Fig 3. No gross cardiac or renal abnormalities in WT and Pkd2+/- mice.

(A) Left ventricles from 9 mo WT (left) and Pkd2+/- (right) mice show similar Masson’s Trichrome staining patterns with no signs of fibrosis. (B) 9 mo WT (left) and Pkd2+/- (right) mice have similar H&E staining patterns with no renal cysts. Data are representative of at least 3 mice in each group.

Fig 4. 9 mo Pkd2+/- mice have enhanced responses to acute ISO application.

(A, B) 1 mo WT and Pkd2+/- mice have comparable left ventricular ejection fraction response 2 min after acute 0.1 mg/kg ISO injection (A) whereas 9 mo Pkd2+/- have a significantly enhanced response (B). (C,D) Using three doses of ISO (0.03, 0.1 and 1 mg/kg), 1 mo WT (C) and Pkd2+/- (D) mice have similar left ventricular ejection fraction responses. (E,F) Using three doses of ISO (0.03, 0.1 and 1 mg/kg), 9 mo WT mice (E) have a dose dependent response, though blunted compared to the 1 mo mice (left). 9 mo Pkd2+/- mice (F) have maximal left ventricular ejection fraction responses to ISO, regardless of the dose. For 1 mo mice, data are representative of 5 mice for each genotype for the 0.1 mg/kg and 1 mg/kg data. For 9 mo mice, the 0.1 mg/kg ISO data are representative of 8 and 9 WT and Pkd2+/-, respectively. For the 0.03 mg/kg ISO data, the 1 mo and 9 mo data are representative of 3 mice. The 1 mg/kg ISO data for 9 mo mice are representative of 3 mice per group.

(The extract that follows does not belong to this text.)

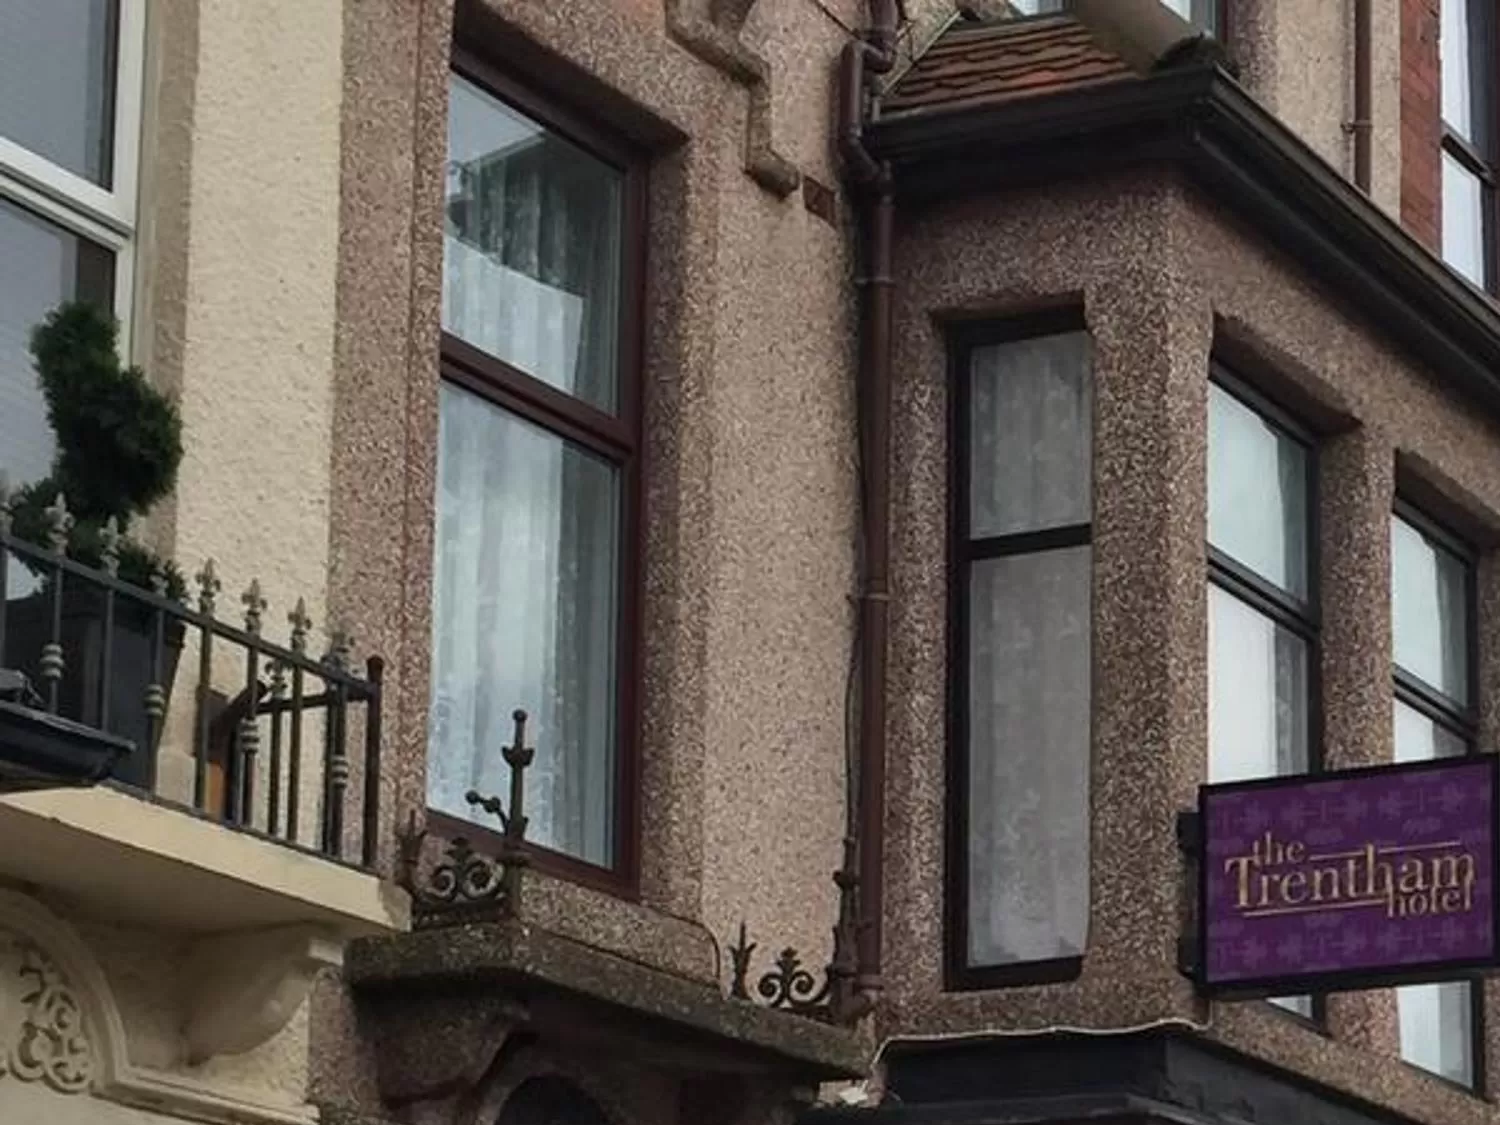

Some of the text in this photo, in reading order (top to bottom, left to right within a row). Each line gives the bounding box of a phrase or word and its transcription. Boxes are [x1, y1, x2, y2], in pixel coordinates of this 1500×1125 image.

[1251, 831, 1305, 866] the
[1224, 843, 1475, 910] Trentham
[1386, 882, 1473, 918] hotel

Fig 5. 9 mo Pkd2+/- mice have blunted responses to β-blockers.

(A) Pre-treating WT and Pkd2+/- mice with the βAR-1 blocker metoprolol does not alter the ejection fraction after ISO challenge, whereas pre-treatment with the pan β-blocker carvedilol diminishes the WT response but not the Pkd2+/- response. (B) The heart rate was significantly decreased after either metoprolol or carvedilol pre-treatment followed by ISO challenge in WT mice, compared to ISO only challenge. In Pkd2+/- mice, only carvedilol, not metoprolol has an effect on heart rate. Note that heart rate after carvedilol pre-treatment is the not significantly different in WT and Pkd2+/- mice. The data are representative of 3–4 mice per group.

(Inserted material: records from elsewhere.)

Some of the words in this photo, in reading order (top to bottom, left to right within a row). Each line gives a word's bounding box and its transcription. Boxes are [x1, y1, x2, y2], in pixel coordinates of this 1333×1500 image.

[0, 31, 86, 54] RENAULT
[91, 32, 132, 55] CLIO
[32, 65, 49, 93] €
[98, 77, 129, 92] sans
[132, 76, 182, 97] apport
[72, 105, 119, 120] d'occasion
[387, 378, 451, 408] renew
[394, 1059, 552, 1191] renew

Fig 6. β-Adrenergic receptor expression is altered in 9 mo Pkd2+/- mice.

(A) Staining intensity for βAR-1 was similar in 1 and 9 mo WT and Pkd2+/- mice. (B) Staining intensity for βAR-2 was similar in 1 mo WT and Pkd2+/- mice, but increased in 9 mo Pkd2+/- mice, and had a more striated pattern in the Pkd2+/- mice. Insets represent higher magnification images. Images are representative of staining taken from at least 3 separate mice.

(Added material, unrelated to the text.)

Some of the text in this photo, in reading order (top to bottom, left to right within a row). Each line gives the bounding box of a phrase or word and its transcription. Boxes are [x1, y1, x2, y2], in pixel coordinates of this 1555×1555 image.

Fig 7. Summary of the changes in protein expression and cardiac function in the Pkd2+/- mice examined over a 9 mo period.

Data is summarized from the current paper as well as data from 5 mo mice [15]. Each line represents the expression levels of various proteins (SERCA, RyR, p-TnI, TnI, p-PLB) or other functional readouts (eg: cardiomyocyte length, acute response to ISO) at 1, 5 and 9 mo of age. The orange lines represent those associated with the calcium signaling apparatus (SERCA, RyR, PLB). The green lines represents those proteins associated with the contractile apparatus (p-TnI and cTnT). The blue lines represent other measurements (cardiomyocyte cell length and response to acute ISO stimulus). The background shading (pink and blue) represents the overall cardiac function of the mouse, as measured with echocardiogram.